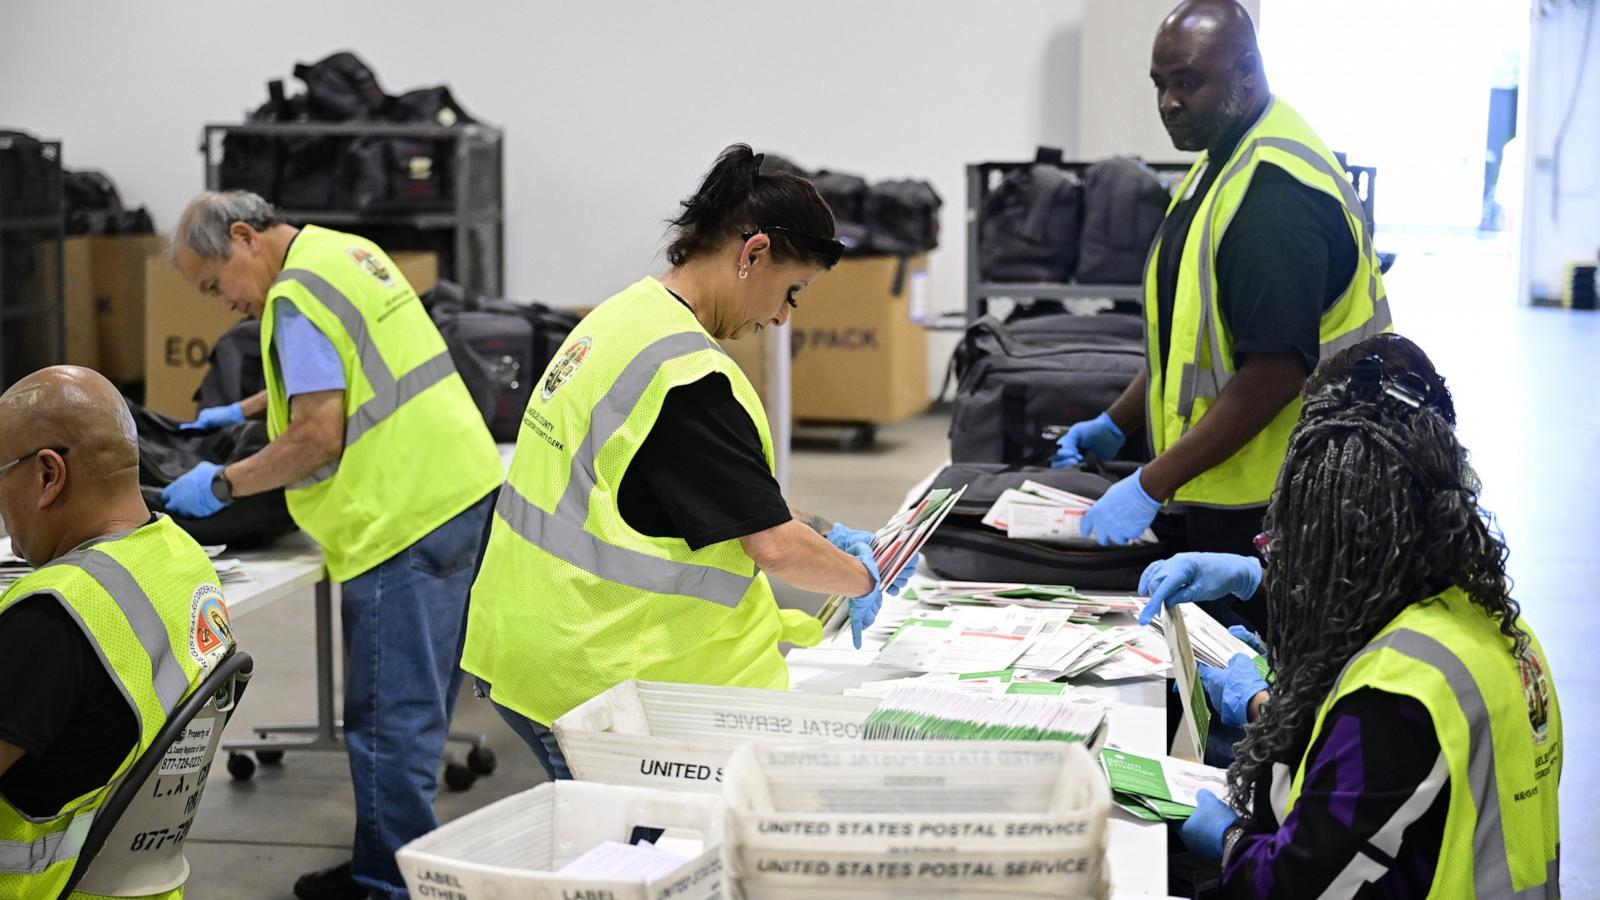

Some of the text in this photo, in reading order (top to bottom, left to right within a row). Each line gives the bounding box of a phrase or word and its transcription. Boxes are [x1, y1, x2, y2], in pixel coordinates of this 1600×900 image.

[548, 437, 564, 450] CLERK
[188, 729, 205, 740] Property
[640, 760, 711, 781] UNITED
[758, 820, 1088, 837] UNITED STATES POSTAL SERVICE
[757, 857, 1088, 878] UNITED STATES POSTAL SERVICE
[417, 869, 463, 888] LABEL

• • •

What you return must match the records letter for letter, except that the pictures stay out.

→ WRITTEN RESPONSE:
Some of the text in this photo, in reading order (top to bottom, left to right within a row). Each line gives the bounding box of a phrase or word and its transcription. Boxes are [x1, y1, x2, y2], in pixel coordinates of this 1600×900 image.

[548, 437, 564, 450] CLERK
[188, 729, 205, 740] Property
[640, 760, 711, 781] UNITED
[758, 820, 1088, 837] UNITED STATES POSTAL SERVICE
[757, 857, 1088, 878] UNITED STATES POSTAL SERVICE
[417, 869, 463, 888] LABEL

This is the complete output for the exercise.